Print out the records precisely, keeping each line identical to its source.

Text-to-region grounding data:
*** Begin section ***

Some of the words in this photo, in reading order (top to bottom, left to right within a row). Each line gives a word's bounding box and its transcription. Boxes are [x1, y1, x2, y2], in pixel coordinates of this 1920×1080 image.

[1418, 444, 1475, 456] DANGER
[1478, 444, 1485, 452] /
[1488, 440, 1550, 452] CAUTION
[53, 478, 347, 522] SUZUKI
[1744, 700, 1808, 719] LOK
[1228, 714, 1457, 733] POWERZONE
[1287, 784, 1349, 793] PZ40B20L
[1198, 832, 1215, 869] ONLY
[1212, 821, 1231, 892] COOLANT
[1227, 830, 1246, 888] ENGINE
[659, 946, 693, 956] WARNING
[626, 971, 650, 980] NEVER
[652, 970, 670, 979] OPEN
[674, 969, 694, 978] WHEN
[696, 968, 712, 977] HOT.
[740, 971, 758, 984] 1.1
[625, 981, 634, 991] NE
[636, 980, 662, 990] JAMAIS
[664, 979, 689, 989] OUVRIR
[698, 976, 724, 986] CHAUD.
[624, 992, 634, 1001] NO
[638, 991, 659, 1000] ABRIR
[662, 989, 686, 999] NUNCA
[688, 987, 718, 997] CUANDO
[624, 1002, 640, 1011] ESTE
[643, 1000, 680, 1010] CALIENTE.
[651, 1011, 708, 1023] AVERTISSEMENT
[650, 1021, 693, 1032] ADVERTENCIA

*** End section ***

### [Reply]
Some of the words in this photo, in reading order (top to bottom, left to right within a row). Each line gives a word's bounding box and its transcription. Boxes are [x1, y1, x2, y2], in pixel coordinates of this 1920×1080 image.

[1418, 444, 1475, 456] DANGER
[1478, 444, 1485, 452] /
[1488, 440, 1550, 452] CAUTION
[53, 478, 347, 522] SUZUKI
[1744, 700, 1808, 719] LOK
[1228, 714, 1457, 733] POWERZONE
[1287, 784, 1349, 793] PZ40B20L
[1198, 832, 1215, 869] ONLY
[1212, 821, 1231, 892] COOLANT
[1227, 830, 1246, 888] ENGINE
[659, 946, 693, 956] WARNING
[626, 971, 650, 980] NEVER
[652, 970, 670, 979] OPEN
[674, 969, 694, 978] WHEN
[696, 968, 712, 977] HOT.
[740, 971, 758, 984] 1.1
[625, 981, 634, 991] NE
[636, 980, 662, 990] JAMAIS
[664, 979, 689, 989] OUVRIR
[698, 976, 724, 986] CHAUD.
[624, 992, 634, 1001] NO
[638, 991, 659, 1000] ABRIR
[662, 989, 686, 999] NUNCA
[688, 987, 718, 997] CUANDO
[624, 1002, 640, 1011] ESTE
[643, 1000, 680, 1010] CALIENTE.
[651, 1011, 708, 1023] AVERTISSEMENT
[650, 1021, 693, 1032] ADVERTENCIA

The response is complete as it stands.